Exercise objective: Copy all the records exactly; the complete set is the expected result.

Saved data entries
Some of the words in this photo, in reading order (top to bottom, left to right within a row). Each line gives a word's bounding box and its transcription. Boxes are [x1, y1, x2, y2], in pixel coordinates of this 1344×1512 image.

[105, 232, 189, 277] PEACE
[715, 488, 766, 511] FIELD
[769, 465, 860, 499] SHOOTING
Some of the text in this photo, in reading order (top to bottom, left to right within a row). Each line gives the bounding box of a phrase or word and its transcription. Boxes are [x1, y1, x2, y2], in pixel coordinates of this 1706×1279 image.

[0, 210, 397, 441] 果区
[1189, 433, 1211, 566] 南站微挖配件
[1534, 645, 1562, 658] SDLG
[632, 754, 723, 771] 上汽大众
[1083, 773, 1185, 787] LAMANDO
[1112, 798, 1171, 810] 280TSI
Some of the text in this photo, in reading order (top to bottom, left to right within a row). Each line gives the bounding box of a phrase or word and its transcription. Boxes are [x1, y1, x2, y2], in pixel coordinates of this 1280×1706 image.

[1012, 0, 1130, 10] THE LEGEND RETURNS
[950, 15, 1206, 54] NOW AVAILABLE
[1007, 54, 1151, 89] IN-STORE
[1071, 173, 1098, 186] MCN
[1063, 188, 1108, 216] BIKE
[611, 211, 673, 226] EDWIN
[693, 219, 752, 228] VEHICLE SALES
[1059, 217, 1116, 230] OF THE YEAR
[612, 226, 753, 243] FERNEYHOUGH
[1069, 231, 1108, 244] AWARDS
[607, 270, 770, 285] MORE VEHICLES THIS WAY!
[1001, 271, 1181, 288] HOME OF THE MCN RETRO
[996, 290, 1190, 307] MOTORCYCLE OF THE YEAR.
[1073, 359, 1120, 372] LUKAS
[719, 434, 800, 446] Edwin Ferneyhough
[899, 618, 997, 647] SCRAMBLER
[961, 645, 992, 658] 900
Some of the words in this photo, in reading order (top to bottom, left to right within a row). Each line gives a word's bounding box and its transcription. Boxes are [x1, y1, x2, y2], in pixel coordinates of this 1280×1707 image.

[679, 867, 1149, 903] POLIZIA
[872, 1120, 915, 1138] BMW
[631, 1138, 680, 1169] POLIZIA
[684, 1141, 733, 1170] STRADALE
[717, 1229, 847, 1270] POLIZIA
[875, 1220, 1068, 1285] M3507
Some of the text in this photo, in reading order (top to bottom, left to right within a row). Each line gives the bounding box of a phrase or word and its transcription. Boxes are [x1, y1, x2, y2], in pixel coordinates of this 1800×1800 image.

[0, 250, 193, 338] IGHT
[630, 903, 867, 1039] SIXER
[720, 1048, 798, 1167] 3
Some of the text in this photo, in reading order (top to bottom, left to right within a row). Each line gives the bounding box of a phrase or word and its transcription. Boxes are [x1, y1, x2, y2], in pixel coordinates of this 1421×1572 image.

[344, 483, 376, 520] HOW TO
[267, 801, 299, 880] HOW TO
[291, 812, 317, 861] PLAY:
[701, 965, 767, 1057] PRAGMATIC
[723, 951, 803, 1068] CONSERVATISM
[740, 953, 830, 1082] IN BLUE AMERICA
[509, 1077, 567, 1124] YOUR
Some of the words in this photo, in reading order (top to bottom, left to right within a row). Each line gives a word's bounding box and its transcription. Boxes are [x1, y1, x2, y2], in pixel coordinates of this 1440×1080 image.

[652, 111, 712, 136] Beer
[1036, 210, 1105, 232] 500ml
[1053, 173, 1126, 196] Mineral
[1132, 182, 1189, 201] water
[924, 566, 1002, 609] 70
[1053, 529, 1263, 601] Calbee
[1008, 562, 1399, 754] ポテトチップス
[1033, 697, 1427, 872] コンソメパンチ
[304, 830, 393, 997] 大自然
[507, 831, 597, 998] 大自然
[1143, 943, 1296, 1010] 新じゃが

Solution:
Some of the words in this photo, in reading order (top to bottom, left to right within a row). Each line gives a word's bounding box and its transcription. Boxes are [x1, y1, x2, y2], in pixel coordinates of this 1344×1512 image.

[105, 232, 189, 277] PEACE
[715, 488, 766, 511] FIELD
[769, 465, 860, 499] SHOOTING
Some of the text in this photo, in reading order (top to bottom, left to right within a row). Each line gives the bounding box of a phrase or word and its transcription. Boxes are [x1, y1, x2, y2], in pixel coordinates of this 1706×1279 image.

[0, 210, 397, 441] 果区
[1189, 433, 1211, 566] 南站微挖配件
[1534, 645, 1562, 658] SDLG
[632, 754, 723, 771] 上汽大众
[1083, 773, 1185, 787] LAMANDO
[1112, 798, 1171, 810] 280TSI
Some of the text in this photo, in reading order (top to bottom, left to right within a row). Each line gives the bounding box of a phrase or word and its transcription. Boxes are [x1, y1, x2, y2], in pixel coordinates of this 1280×1706 image.

[1012, 0, 1130, 10] THE LEGEND RETURNS
[950, 15, 1206, 54] NOW AVAILABLE
[1007, 54, 1151, 89] IN-STORE
[1071, 173, 1098, 186] MCN
[1063, 188, 1108, 216] BIKE
[611, 211, 673, 226] EDWIN
[693, 219, 752, 228] VEHICLE SALES
[1059, 217, 1116, 230] OF THE YEAR
[612, 226, 753, 243] FERNEYHOUGH
[1069, 231, 1108, 244] AWARDS
[607, 270, 770, 285] MORE VEHICLES THIS WAY!
[1001, 271, 1181, 288] HOME OF THE MCN RETRO
[996, 290, 1190, 307] MOTORCYCLE OF THE YEAR.
[1073, 359, 1120, 372] LUKAS
[719, 434, 800, 446] Edwin Ferneyhough
[899, 618, 997, 647] SCRAMBLER
[961, 645, 992, 658] 900
Some of the words in this photo, in reading order (top to bottom, left to right within a row). Each line gives a word's bounding box and its transcription. Boxes are [x1, y1, x2, y2], in pixel coordinates of this 1280×1707 image.

[679, 867, 1149, 903] POLIZIA
[872, 1120, 915, 1138] BMW
[631, 1138, 680, 1169] POLIZIA
[684, 1141, 733, 1170] STRADALE
[717, 1229, 847, 1270] POLIZIA
[875, 1220, 1068, 1285] M3507
Some of the text in this photo, in reading order (top to bottom, left to right within a row). Each line gives the bounding box of a phrase or word and its transcription. Boxes are [x1, y1, x2, y2], in pixel coordinates of this 1800×1800 image.

[0, 250, 193, 338] IGHT
[630, 903, 867, 1039] SIXER
[720, 1048, 798, 1167] 3
Some of the text in this photo, in reading order (top to bottom, left to right within a row). Each line gives the bounding box of a phrase or word and its transcription. Boxes are [x1, y1, x2, y2], in pixel coordinates of this 1421×1572 image.

[344, 483, 376, 520] HOW TO
[267, 801, 299, 880] HOW TO
[291, 812, 317, 861] PLAY:
[701, 965, 767, 1057] PRAGMATIC
[723, 951, 803, 1068] CONSERVATISM
[740, 953, 830, 1082] IN BLUE AMERICA
[509, 1077, 567, 1124] YOUR
Some of the words in this photo, in reading order (top to bottom, left to right within a row). Each line gives a word's bounding box and its transcription. Boxes are [x1, y1, x2, y2], in pixel coordinates of this 1440×1080 image.

[652, 111, 712, 136] Beer
[1036, 210, 1105, 232] 500ml
[1053, 173, 1126, 196] Mineral
[1132, 182, 1189, 201] water
[924, 566, 1002, 609] 70
[1053, 529, 1263, 601] Calbee
[1008, 562, 1399, 754] ポテトチップス
[1033, 697, 1427, 872] コンソメパンチ
[304, 830, 393, 997] 大自然
[507, 831, 597, 998] 大自然
[1143, 943, 1296, 1010] 新じゃが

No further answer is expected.